**Activity:** Copy out every record below exactly as written, but leave out any pictures.

[Phrase grounding data]
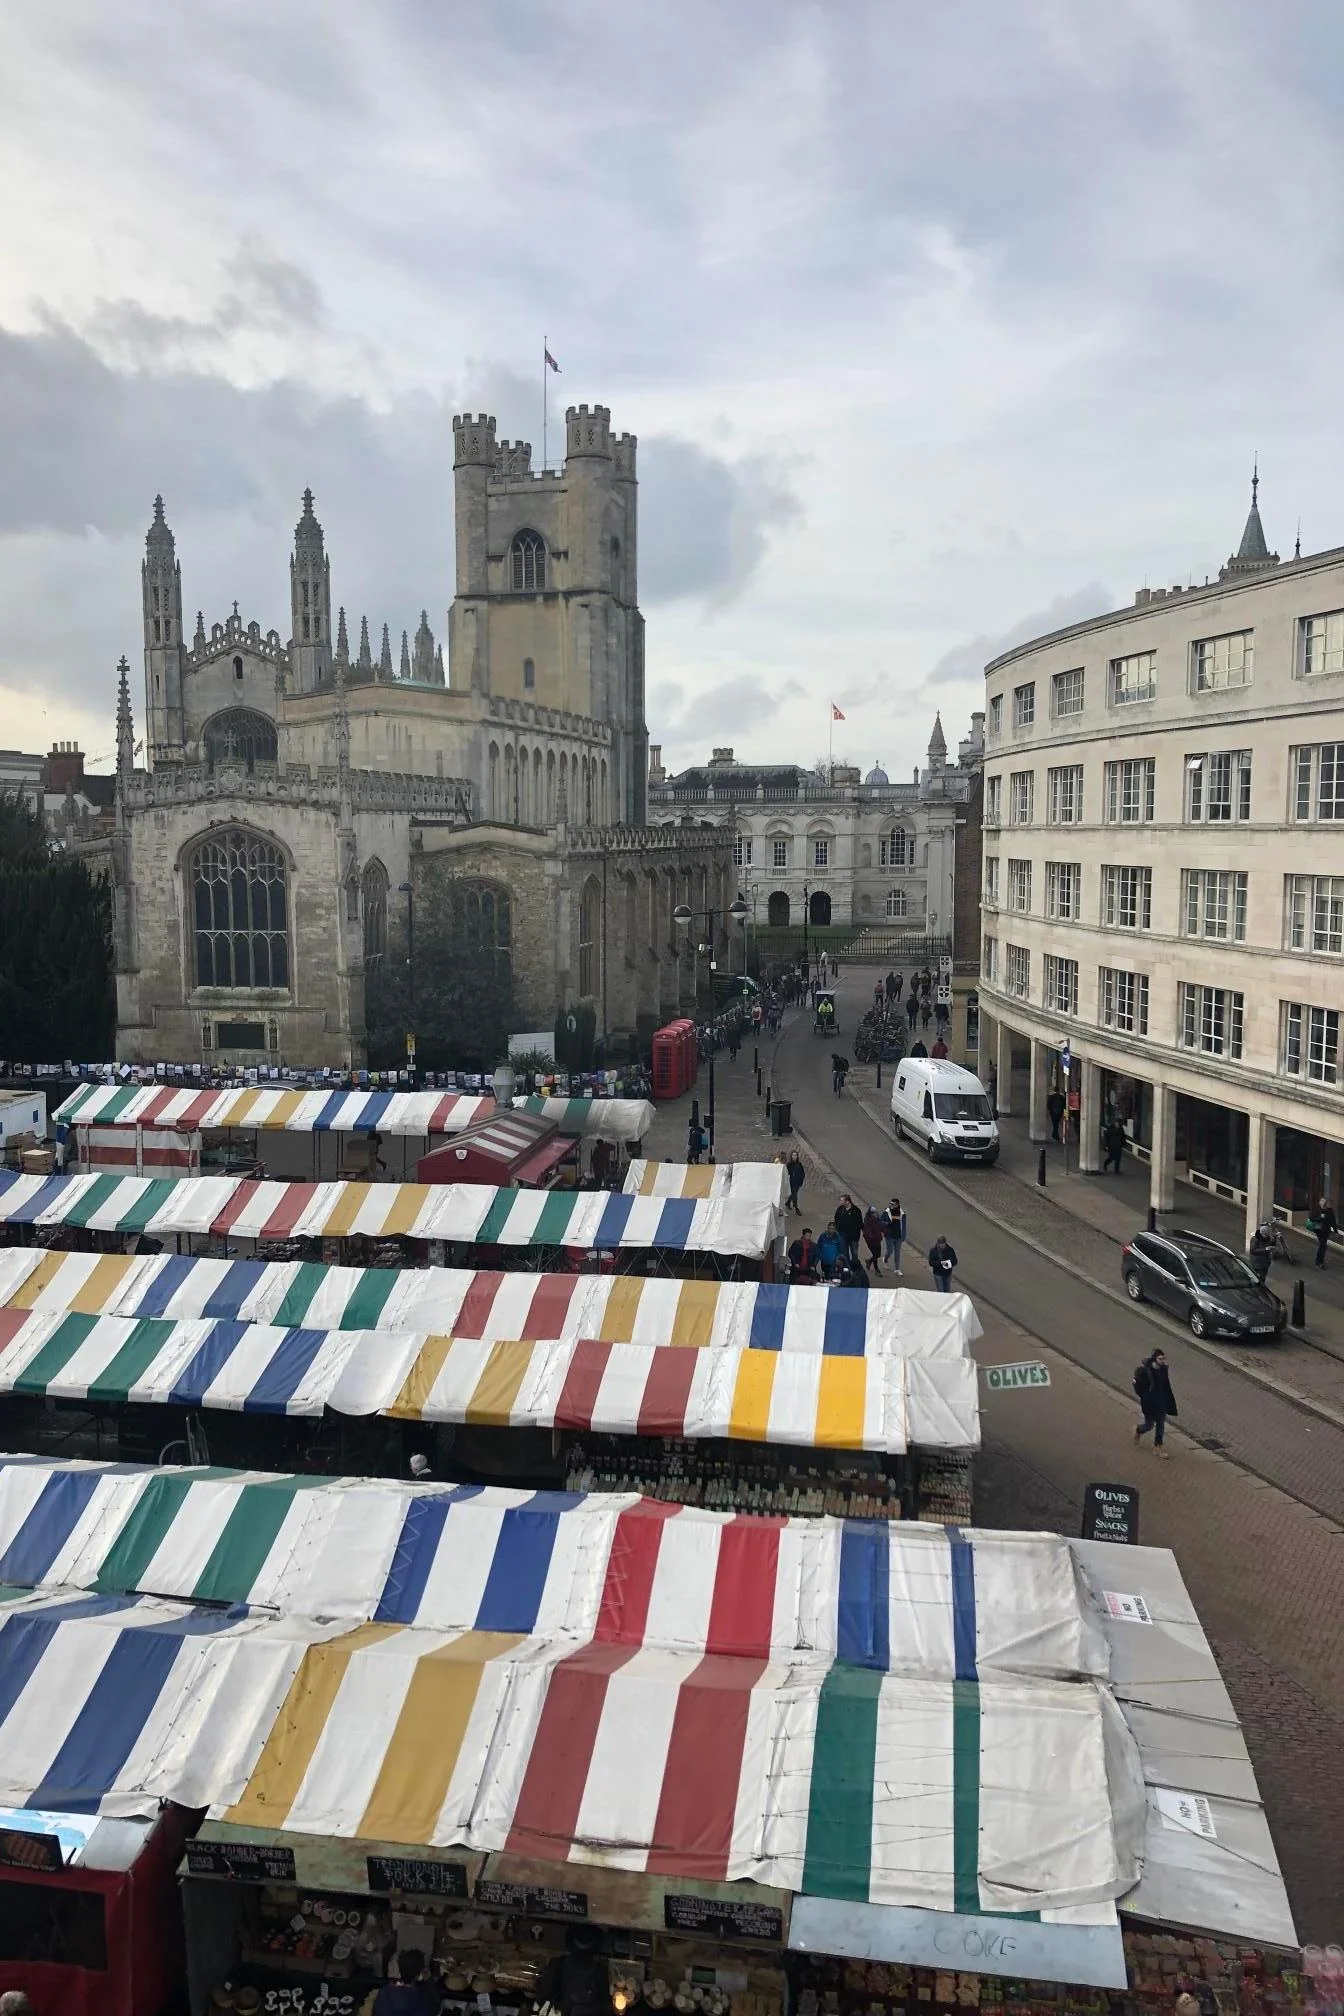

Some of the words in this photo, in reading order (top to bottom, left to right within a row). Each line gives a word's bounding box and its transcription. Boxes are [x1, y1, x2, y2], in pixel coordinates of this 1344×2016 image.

[990, 1366, 1048, 1387] OLIVES
[1095, 1489, 1130, 1503] OLIVES
[1095, 1519, 1128, 1532] SNACKS
[1180, 1806, 1192, 1819] NO
[1195, 1798, 1214, 1834] PARKING
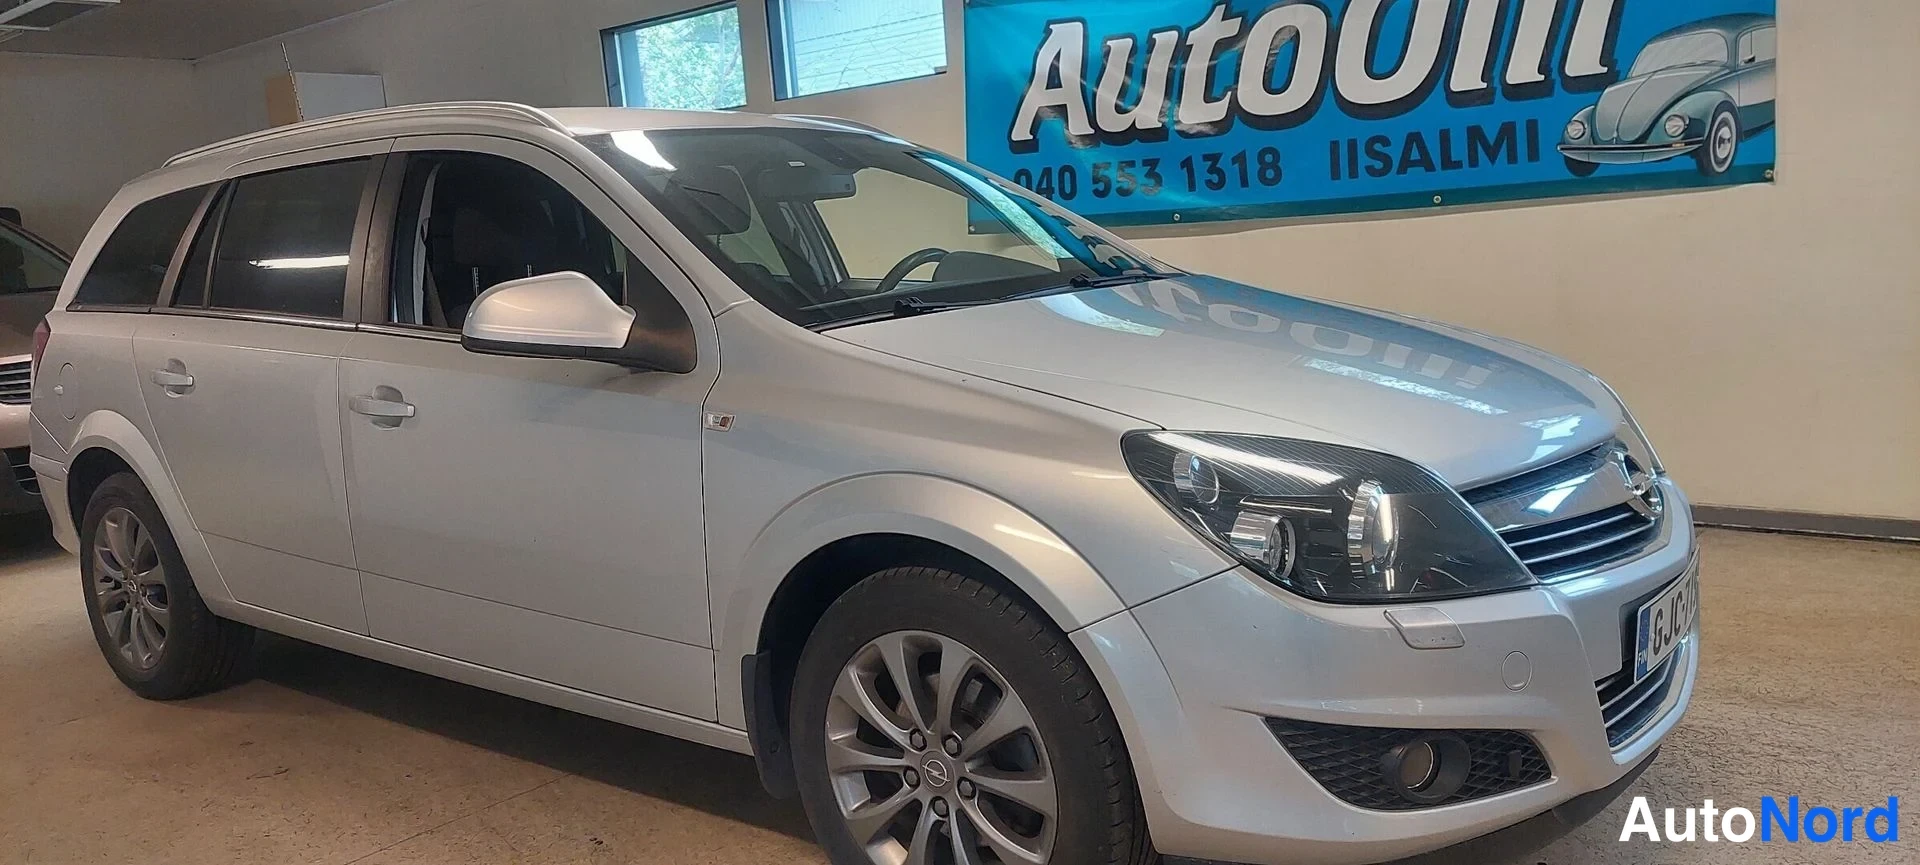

**Answer to the exercise:**
Some of the words in this photo, in reading order (top to bottom, left to right within a row). Each line gives a word's bounding box and its transcription. Boxes are [x1, y1, x2, y2], in pixel coordinates of this 1344×2016 image.

[990, 1366, 1048, 1387] OLIVES
[1095, 1489, 1130, 1503] OLIVES
[1095, 1519, 1128, 1532] SNACKS
[1180, 1806, 1192, 1819] NO
[1195, 1798, 1214, 1834] PARKING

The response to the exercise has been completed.